Required action - Copy each line of the data below exactly, leaving out pictures.
________________________________________
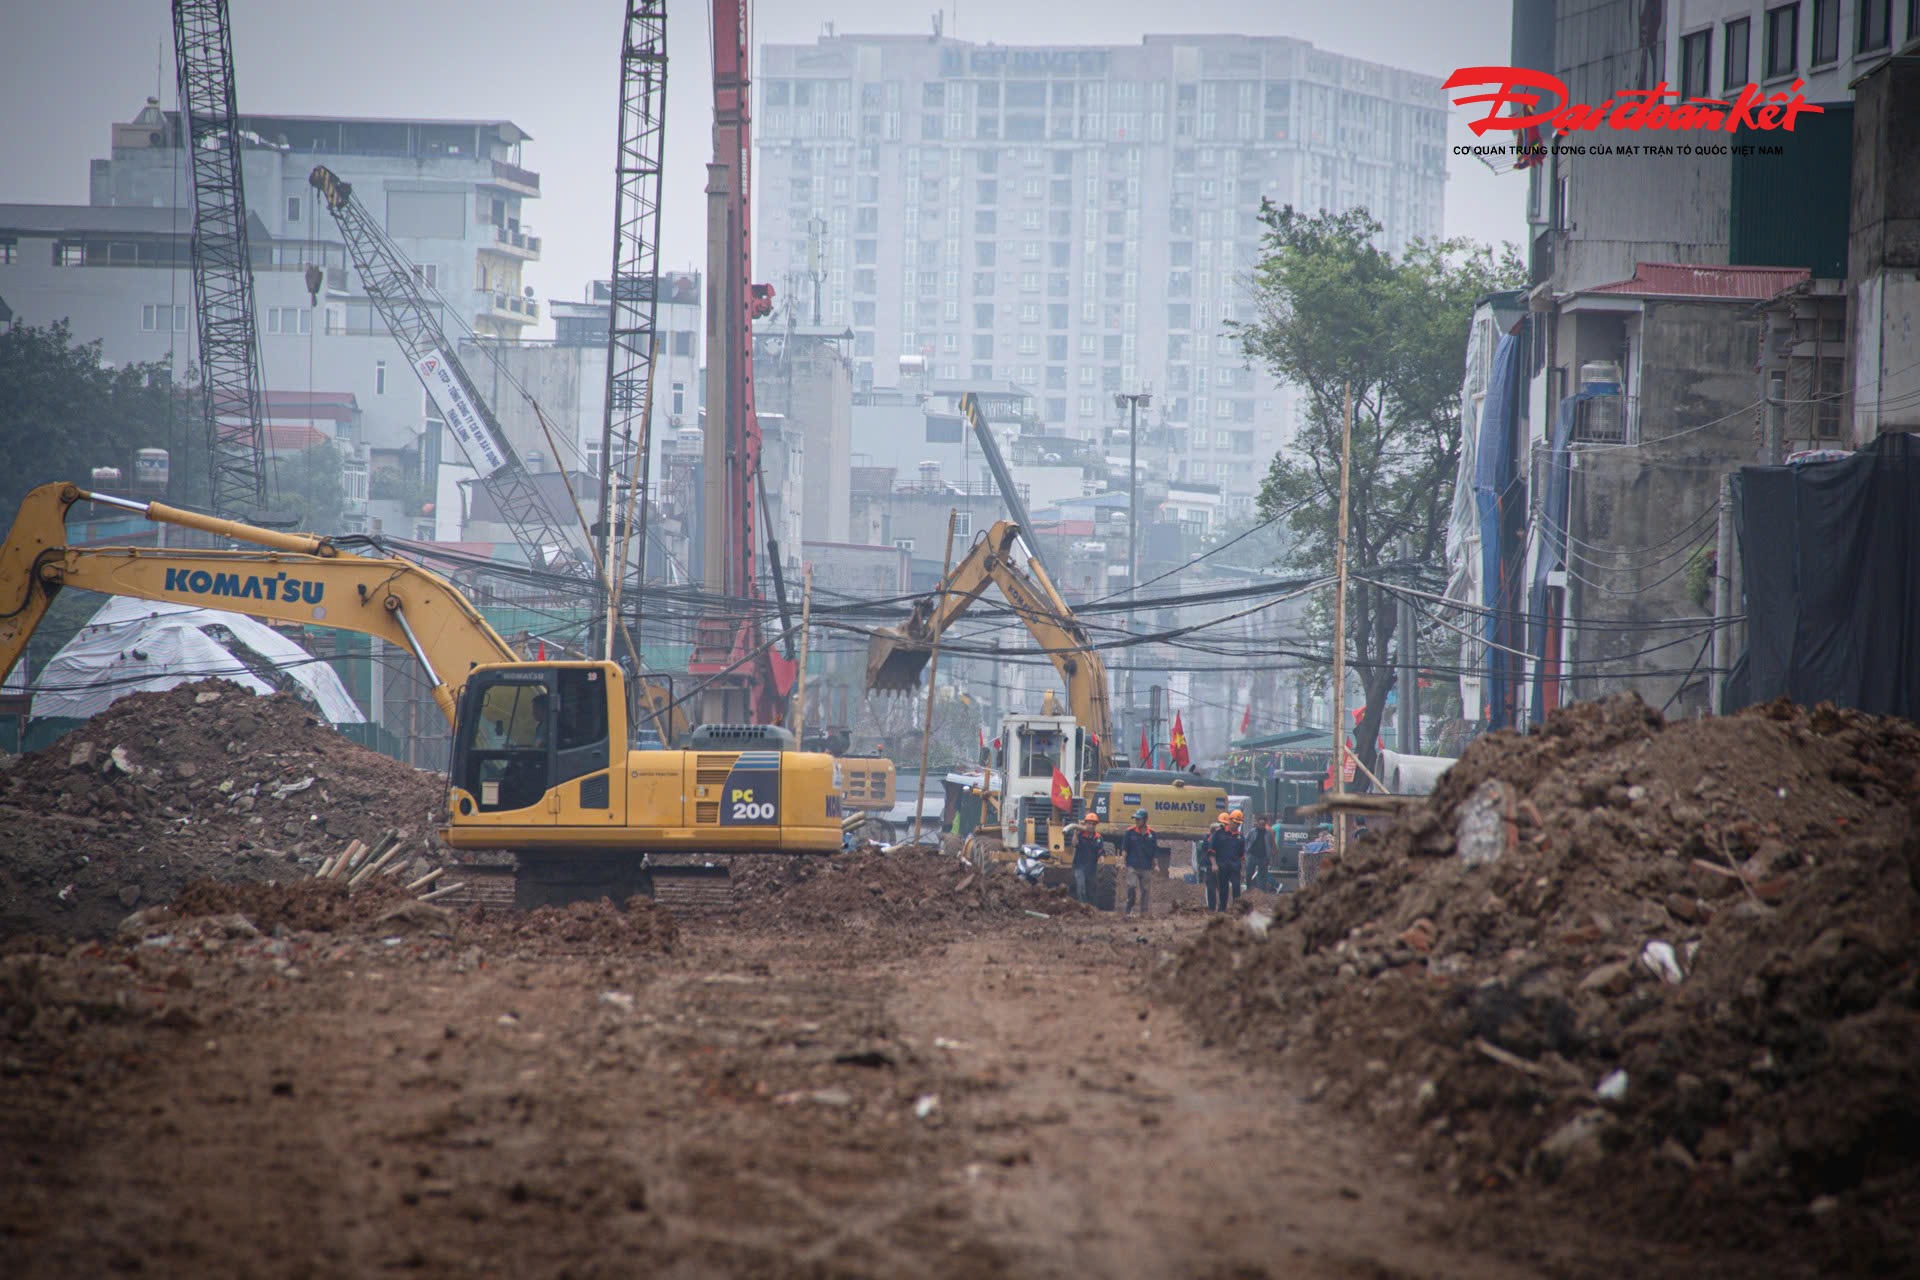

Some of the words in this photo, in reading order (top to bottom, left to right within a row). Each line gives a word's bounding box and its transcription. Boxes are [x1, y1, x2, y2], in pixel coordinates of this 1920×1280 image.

[164, 567, 324, 605] KOMATSU
[732, 789, 753, 803] PC
[732, 802, 775, 819] 200
[1155, 800, 1206, 813] KOMATSU
________________________________________
Task output -
Some of the words in this photo, in reading order (top to bottom, left to right within a row). Each line gives a word's bounding box and its transcription. Boxes are [x1, y1, x2, y2], in pixel coordinates of this 1920×1280 image.

[164, 567, 324, 605] KOMATSU
[732, 789, 753, 803] PC
[732, 802, 775, 819] 200
[1155, 800, 1206, 813] KOMATSU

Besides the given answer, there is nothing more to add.